About this task | Could you copy out all of the records below exactly, leaving out every picture?

Data for this task |
/---
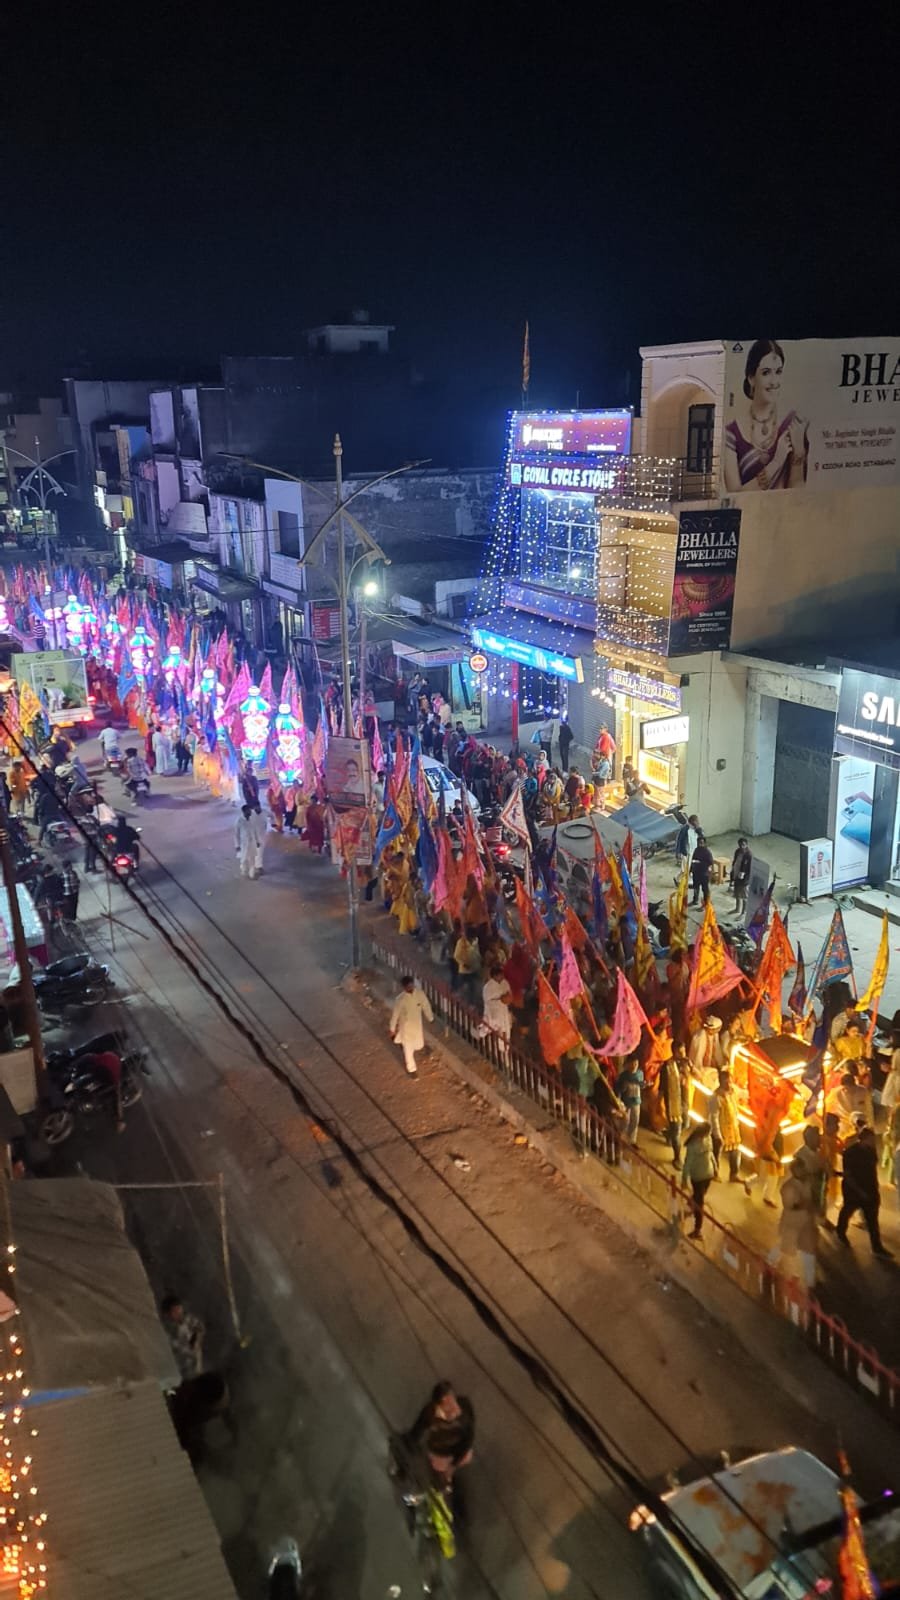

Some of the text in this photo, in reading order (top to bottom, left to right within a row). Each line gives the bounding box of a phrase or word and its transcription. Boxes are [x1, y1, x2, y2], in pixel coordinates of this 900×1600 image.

[523, 465, 616, 489] GOYAL CYCLE STORE
[679, 531, 738, 548] BHALLA
[677, 548, 737, 561] JEWELLERS
[861, 691, 900, 727] SA
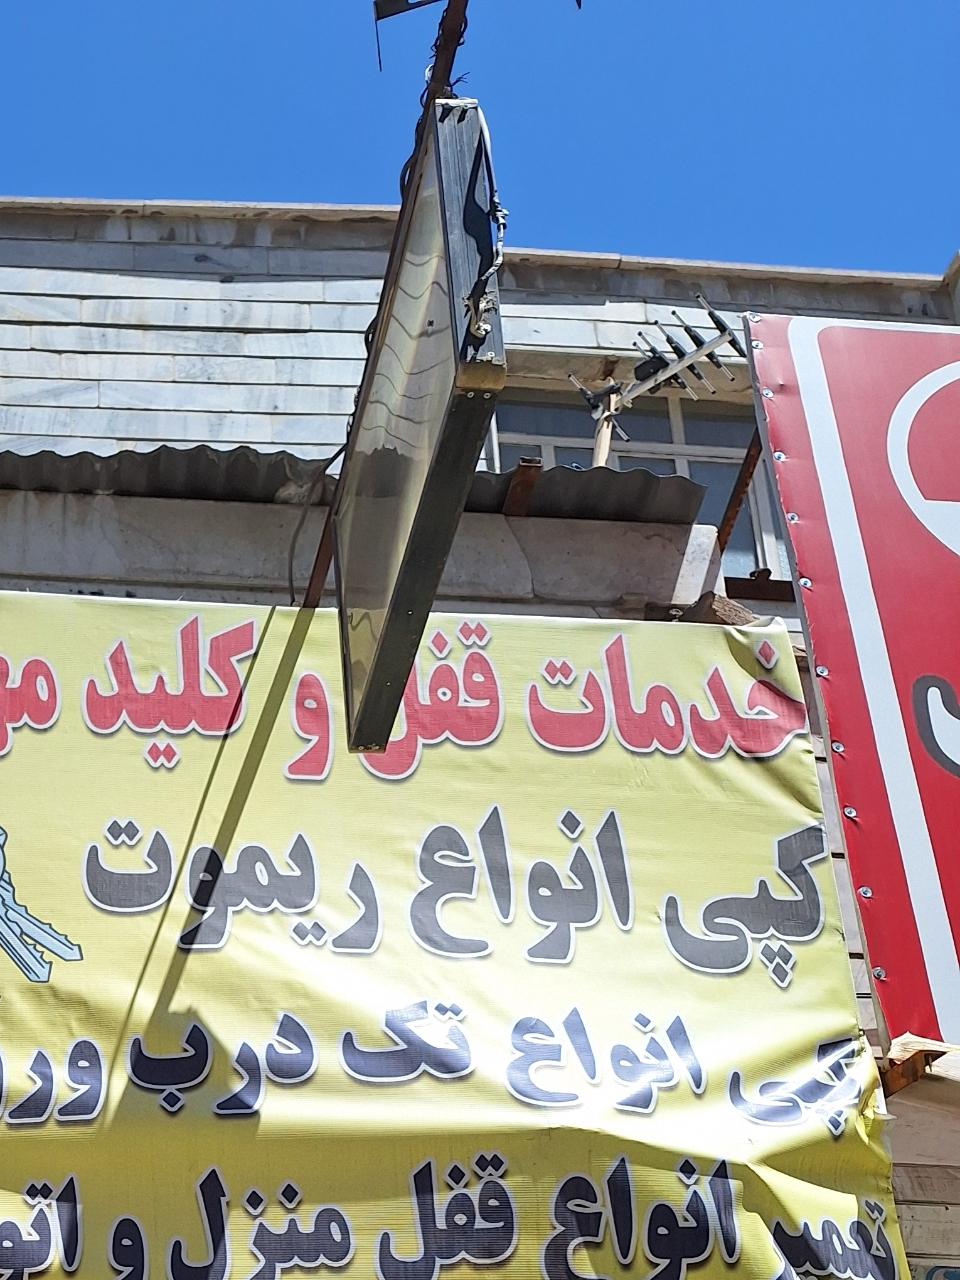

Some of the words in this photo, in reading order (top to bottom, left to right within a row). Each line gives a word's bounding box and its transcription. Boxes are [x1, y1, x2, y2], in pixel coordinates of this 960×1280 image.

[85, 616, 257, 767] کلید
[283, 672, 336, 779] و
[527, 632, 807, 757] خدمات
[82, 818, 383, 954] ریموت
[409, 805, 632, 963] انواع
[665, 824, 826, 988] کپی
[129, 1013, 315, 1114] درب
[342, 1000, 474, 1083] تک
[506, 1007, 707, 1113] انواع
\---
Answer box |
Some of the text in this photo, in reading order (top to bottom, left to right within a row). Each line gives the bounding box of a phrase or word and its transcription. Boxes are [x1, y1, x2, y2], in pixel coordinates of this 900×1600 image.

[523, 465, 616, 489] GOYAL CYCLE STORE
[679, 531, 738, 548] BHALLA
[677, 548, 737, 561] JEWELLERS
[861, 691, 900, 727] SA

Some of the words in this photo, in reading order (top to bottom, left to right within a row). Each line gives a word's bounding box and its transcription. Boxes are [x1, y1, x2, y2], in pixel coordinates of this 960×1280 image.

[85, 616, 257, 767] کلید
[283, 672, 336, 779] و
[527, 632, 807, 757] خدمات
[82, 818, 383, 954] ریموت
[409, 805, 632, 963] انواع
[665, 824, 826, 988] کپی
[129, 1013, 315, 1114] درب
[342, 1000, 474, 1083] تک
[506, 1007, 707, 1113] انواع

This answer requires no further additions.